Tuesday, April 18, 2023

SUGAR IS SWEET....BUT NOT AS SWEET AS...

 

Say what you will, one thing is for sure: Sugar is Sweet. And I love all things sweet.

Was I born with a sweet tooth or did I develop it in childhood? Growing up in grandpas’ house, no meal was complete without a laddoo, peda or barfi to round up with. On special occasions, it would be a Rasgulla or Kulfi in summer and Gajar Ka Halwa, Rewadi and Ghazak in winter. Festivals were marked by their own sweets; Ghevar with sugar coating on top on Gangaur, Gujia or ‘Prakiri’, as we call it at home, on Holi, Mataji’s signature ‘Maun Thaal’, a sweet made from ‘besan’ exquisitely flavoured with saffron and camphor, on Diwali, and so on. Pitaji would send someone to get hot Jalebis on holidays and on our Alwar trips, there was a Halwai just outside my granduncle’s house to readily provide Imartis and the famous Alwar Milk Cake. 

Over to NDA and the ‘sweet’ journey continued with puddings and desserts like Caramel Custard and Tipsy.

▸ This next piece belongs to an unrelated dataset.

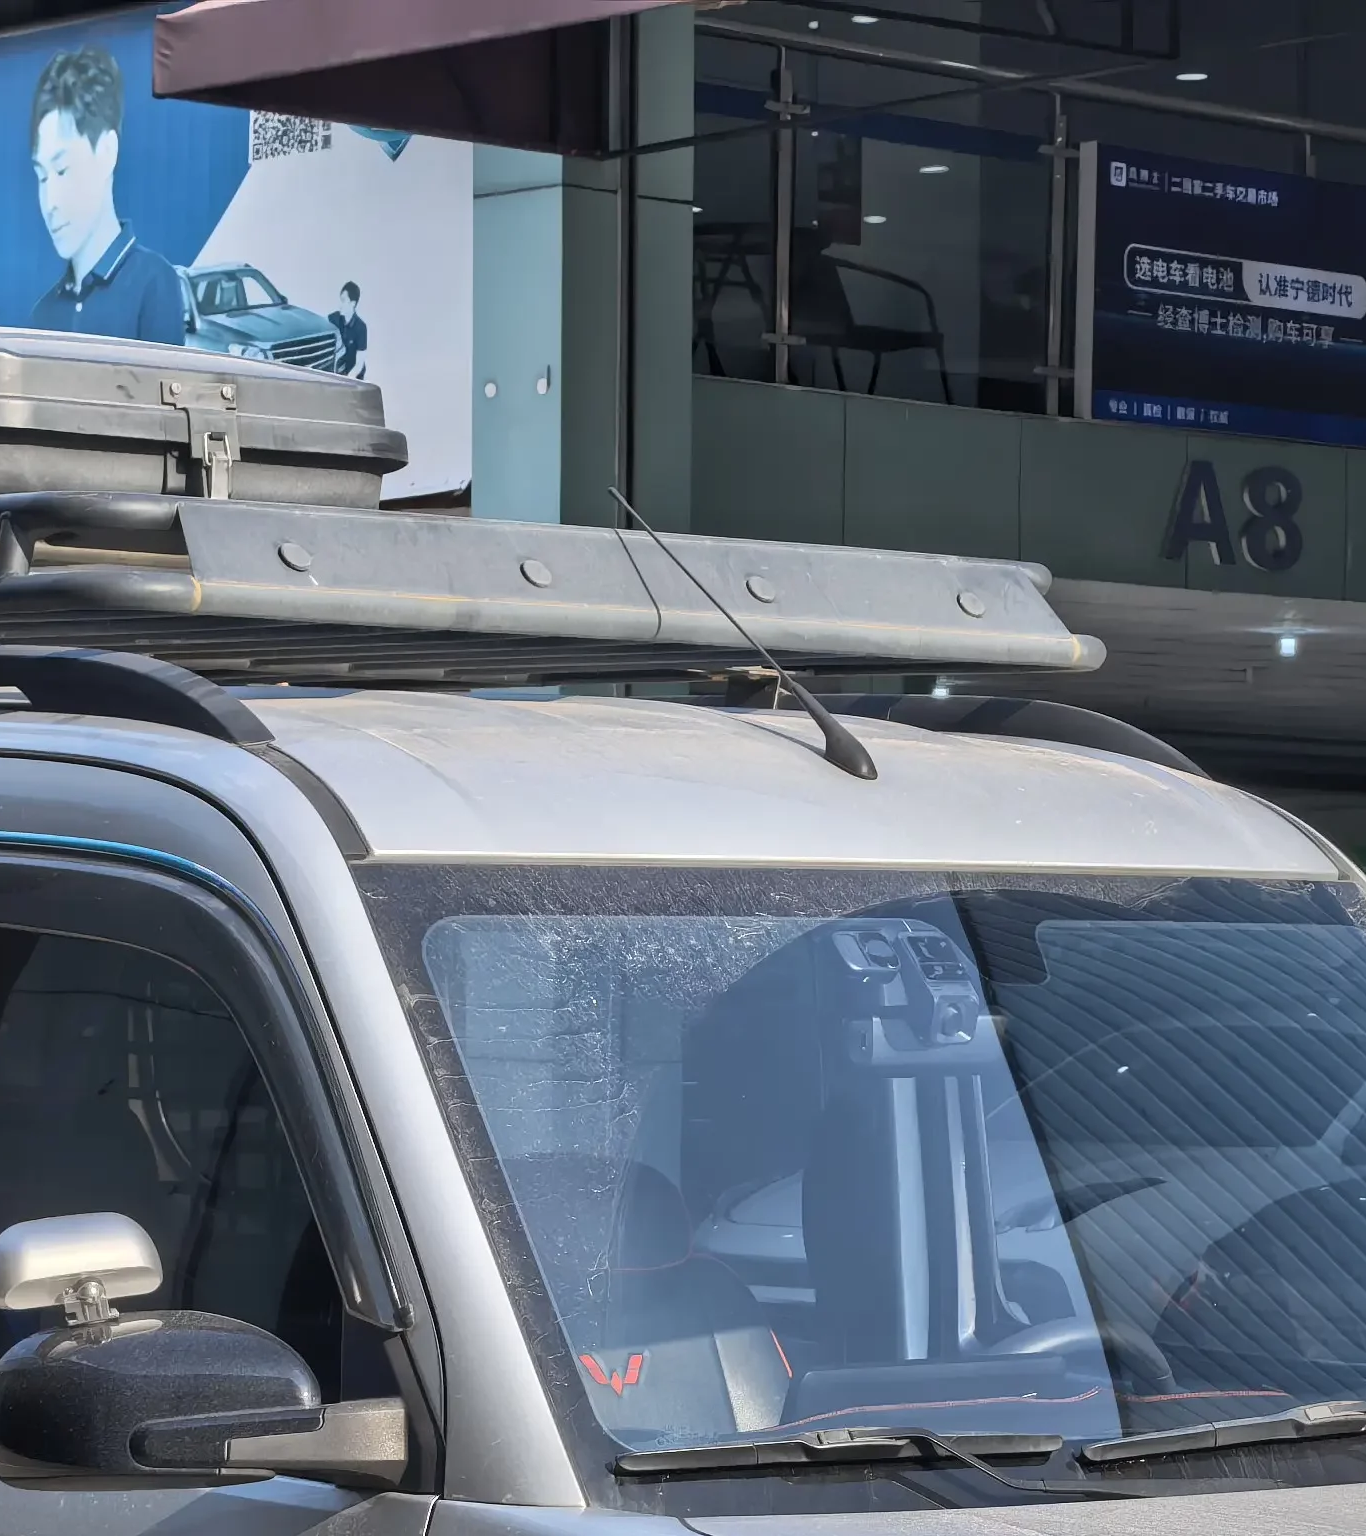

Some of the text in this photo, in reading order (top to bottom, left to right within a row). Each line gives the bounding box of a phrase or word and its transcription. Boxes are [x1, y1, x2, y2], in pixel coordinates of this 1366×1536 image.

[1134, 255, 1354, 308] 选电车看电池 认准宁德时代
[1161, 460, 1303, 572] A8

Near our squadron, there was a barber shop which we had to visit at least once a week if not twice. Next to it, temptingly located, there was a bakery with cakes and pastries and the popular Cream Roll with dollops of the sweet gooeystuff inside. Haircut was invariably followed by overindulgence in the bakery.

Navy too provided sweets after meals and the practice continues at home. 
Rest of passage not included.